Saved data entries

+++

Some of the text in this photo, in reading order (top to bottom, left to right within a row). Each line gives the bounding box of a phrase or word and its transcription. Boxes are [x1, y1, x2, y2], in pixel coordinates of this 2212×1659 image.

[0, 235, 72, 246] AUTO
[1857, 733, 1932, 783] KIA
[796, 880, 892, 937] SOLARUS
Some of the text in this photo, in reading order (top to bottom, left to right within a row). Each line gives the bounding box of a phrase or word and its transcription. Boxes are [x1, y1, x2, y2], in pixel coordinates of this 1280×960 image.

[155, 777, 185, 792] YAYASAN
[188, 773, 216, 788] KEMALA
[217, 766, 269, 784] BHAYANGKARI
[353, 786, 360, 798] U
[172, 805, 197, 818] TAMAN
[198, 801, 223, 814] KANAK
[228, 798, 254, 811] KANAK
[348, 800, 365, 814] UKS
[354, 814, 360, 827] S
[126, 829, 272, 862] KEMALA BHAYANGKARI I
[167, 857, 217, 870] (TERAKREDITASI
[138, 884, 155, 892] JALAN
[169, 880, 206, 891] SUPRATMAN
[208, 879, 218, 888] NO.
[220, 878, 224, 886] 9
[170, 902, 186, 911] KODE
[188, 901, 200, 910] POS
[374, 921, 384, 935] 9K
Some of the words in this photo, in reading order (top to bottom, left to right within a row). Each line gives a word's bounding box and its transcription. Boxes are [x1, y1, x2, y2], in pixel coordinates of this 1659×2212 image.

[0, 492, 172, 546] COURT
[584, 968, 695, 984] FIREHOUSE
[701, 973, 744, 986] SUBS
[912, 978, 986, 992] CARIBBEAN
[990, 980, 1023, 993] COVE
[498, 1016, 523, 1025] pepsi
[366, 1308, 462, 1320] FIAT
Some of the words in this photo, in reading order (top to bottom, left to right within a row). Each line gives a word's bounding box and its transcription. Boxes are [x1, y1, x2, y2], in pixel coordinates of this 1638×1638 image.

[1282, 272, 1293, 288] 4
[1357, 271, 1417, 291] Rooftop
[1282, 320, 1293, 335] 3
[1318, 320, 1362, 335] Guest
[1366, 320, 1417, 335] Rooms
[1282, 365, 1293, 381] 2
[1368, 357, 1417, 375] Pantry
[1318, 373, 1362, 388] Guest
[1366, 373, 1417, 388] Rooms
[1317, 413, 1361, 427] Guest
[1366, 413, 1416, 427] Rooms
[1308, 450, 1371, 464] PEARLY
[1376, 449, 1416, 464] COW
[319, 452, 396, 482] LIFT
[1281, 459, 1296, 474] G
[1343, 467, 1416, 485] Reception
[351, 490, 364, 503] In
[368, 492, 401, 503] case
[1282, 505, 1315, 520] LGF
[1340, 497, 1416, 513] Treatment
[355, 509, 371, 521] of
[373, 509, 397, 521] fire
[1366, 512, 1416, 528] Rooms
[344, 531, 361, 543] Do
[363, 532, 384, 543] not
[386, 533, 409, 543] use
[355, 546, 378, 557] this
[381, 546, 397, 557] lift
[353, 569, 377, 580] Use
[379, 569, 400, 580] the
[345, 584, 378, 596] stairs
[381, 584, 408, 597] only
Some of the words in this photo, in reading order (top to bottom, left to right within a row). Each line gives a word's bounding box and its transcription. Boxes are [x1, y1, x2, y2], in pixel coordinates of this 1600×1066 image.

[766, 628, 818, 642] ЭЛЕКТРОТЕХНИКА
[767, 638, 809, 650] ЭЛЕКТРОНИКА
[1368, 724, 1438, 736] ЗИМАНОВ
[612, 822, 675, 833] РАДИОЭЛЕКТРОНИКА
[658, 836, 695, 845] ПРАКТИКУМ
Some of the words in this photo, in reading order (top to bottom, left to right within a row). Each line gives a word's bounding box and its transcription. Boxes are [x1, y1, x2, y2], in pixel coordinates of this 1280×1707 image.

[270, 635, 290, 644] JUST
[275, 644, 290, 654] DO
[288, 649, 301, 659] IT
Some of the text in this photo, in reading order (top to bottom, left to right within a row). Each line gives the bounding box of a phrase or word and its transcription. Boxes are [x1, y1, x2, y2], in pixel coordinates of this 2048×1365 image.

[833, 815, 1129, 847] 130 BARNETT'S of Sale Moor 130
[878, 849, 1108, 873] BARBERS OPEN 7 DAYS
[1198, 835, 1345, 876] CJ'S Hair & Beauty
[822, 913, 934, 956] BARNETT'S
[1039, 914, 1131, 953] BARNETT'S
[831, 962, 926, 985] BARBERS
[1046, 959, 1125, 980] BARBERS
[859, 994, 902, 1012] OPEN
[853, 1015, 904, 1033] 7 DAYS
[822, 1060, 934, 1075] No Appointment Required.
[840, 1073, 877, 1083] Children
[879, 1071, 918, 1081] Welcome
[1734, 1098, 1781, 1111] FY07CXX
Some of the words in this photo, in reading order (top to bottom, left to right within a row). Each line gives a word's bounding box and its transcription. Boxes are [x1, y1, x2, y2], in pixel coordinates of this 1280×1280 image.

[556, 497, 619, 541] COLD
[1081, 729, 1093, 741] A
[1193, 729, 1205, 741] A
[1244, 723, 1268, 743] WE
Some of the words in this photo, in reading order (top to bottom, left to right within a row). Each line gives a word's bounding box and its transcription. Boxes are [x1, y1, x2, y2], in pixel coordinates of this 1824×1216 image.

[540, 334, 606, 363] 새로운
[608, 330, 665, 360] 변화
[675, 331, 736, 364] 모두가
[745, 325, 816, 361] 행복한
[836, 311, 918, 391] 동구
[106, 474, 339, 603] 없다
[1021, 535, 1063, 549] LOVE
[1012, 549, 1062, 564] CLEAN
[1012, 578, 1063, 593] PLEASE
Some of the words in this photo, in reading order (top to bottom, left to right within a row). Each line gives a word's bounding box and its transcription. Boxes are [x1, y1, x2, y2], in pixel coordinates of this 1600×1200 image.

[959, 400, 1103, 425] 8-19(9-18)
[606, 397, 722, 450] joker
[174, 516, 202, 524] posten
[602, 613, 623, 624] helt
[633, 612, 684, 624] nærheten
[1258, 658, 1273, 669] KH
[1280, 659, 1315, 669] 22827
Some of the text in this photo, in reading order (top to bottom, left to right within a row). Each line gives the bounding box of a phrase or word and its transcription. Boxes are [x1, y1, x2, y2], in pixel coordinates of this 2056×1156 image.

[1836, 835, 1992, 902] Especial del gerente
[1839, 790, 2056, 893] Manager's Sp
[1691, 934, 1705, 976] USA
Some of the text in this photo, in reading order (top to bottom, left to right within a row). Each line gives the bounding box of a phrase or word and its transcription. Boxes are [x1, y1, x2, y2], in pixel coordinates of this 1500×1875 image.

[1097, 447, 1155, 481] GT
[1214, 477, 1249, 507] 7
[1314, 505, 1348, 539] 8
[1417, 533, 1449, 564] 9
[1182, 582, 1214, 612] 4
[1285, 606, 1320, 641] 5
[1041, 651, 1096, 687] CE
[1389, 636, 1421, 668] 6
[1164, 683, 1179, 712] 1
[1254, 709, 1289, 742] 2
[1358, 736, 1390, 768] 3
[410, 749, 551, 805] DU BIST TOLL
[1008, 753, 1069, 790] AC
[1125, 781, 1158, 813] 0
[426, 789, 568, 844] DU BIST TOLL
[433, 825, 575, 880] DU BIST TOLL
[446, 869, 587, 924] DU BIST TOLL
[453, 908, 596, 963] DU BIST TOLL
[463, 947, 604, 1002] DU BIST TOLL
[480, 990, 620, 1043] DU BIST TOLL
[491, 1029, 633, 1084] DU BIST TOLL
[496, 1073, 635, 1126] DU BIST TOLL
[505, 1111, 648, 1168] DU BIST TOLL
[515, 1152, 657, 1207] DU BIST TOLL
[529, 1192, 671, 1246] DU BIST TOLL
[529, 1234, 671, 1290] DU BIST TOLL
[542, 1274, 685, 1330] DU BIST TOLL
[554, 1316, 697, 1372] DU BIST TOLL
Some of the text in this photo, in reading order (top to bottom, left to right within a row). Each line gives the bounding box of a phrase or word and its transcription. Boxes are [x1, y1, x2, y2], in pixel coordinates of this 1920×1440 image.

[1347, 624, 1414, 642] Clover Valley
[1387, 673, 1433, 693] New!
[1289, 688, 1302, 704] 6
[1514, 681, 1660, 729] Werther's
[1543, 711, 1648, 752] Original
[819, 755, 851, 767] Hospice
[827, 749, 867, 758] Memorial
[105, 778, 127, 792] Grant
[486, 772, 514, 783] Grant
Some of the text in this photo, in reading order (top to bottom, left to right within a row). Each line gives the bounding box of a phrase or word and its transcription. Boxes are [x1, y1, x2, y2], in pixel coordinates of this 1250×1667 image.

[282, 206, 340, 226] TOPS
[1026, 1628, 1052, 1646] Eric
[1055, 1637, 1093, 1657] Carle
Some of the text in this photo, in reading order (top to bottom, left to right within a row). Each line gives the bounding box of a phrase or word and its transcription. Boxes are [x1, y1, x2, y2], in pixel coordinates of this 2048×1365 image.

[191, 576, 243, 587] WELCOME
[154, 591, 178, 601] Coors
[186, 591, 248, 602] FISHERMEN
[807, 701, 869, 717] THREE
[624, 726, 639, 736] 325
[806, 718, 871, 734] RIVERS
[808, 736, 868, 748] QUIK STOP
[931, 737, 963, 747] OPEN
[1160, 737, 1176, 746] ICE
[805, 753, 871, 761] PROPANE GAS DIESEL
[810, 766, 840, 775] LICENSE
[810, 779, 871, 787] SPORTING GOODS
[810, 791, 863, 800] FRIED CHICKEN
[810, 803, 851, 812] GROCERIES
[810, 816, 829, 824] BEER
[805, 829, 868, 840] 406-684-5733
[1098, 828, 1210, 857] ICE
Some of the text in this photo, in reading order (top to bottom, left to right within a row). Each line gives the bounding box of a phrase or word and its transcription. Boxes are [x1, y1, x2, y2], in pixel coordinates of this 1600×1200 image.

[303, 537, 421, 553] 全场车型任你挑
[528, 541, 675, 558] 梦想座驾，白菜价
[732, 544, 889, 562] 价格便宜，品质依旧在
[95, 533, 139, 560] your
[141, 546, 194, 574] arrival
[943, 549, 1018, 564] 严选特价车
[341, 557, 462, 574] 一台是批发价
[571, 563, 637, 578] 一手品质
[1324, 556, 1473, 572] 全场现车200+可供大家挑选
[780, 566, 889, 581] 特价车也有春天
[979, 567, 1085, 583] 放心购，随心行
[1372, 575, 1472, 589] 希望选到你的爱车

+++

▶ **WHAT YOU SHOULD DO**:
In the answer, please give only the lines from the line containing "this 1250×1667 image." through the final line of the data, copied exactly.

▶ **WRITTEN ANSWER**:
Some of the text in this photo, in reading order (top to bottom, left to right within a row). Each line gives the bounding box of a phrase or word and its transcription. Boxes are [x1, y1, x2, y2], in pixel coordinates of this 1250×1667 image.

[282, 206, 340, 226] TOPS
[1026, 1628, 1052, 1646] Eric
[1055, 1637, 1093, 1657] Carle
Some of the text in this photo, in reading order (top to bottom, left to right within a row). Each line gives the bounding box of a phrase or word and its transcription. Boxes are [x1, y1, x2, y2], in pixel coordinates of this 2048×1365 image.

[191, 576, 243, 587] WELCOME
[154, 591, 178, 601] Coors
[186, 591, 248, 602] FISHERMEN
[807, 701, 869, 717] THREE
[624, 726, 639, 736] 325
[806, 718, 871, 734] RIVERS
[808, 736, 868, 748] QUIK STOP
[931, 737, 963, 747] OPEN
[1160, 737, 1176, 746] ICE
[805, 753, 871, 761] PROPANE GAS DIESEL
[810, 766, 840, 775] LICENSE
[810, 779, 871, 787] SPORTING GOODS
[810, 791, 863, 800] FRIED CHICKEN
[810, 803, 851, 812] GROCERIES
[810, 816, 829, 824] BEER
[805, 829, 868, 840] 406-684-5733
[1098, 828, 1210, 857] ICE
Some of the text in this photo, in reading order (top to bottom, left to right within a row). Each line gives the bounding box of a phrase or word and its transcription. Boxes are [x1, y1, x2, y2], in pixel coordinates of this 1600×1200 image.

[303, 537, 421, 553] 全场车型任你挑
[528, 541, 675, 558] 梦想座驾，白菜价
[732, 544, 889, 562] 价格便宜，品质依旧在
[95, 533, 139, 560] your
[141, 546, 194, 574] arrival
[943, 549, 1018, 564] 严选特价车
[341, 557, 462, 574] 一台是批发价
[571, 563, 637, 578] 一手品质
[1324, 556, 1473, 572] 全场现车200+可供大家挑选
[780, 566, 889, 581] 特价车也有春天
[979, 567, 1085, 583] 放心购，随心行
[1372, 575, 1472, 589] 希望选到你的爱车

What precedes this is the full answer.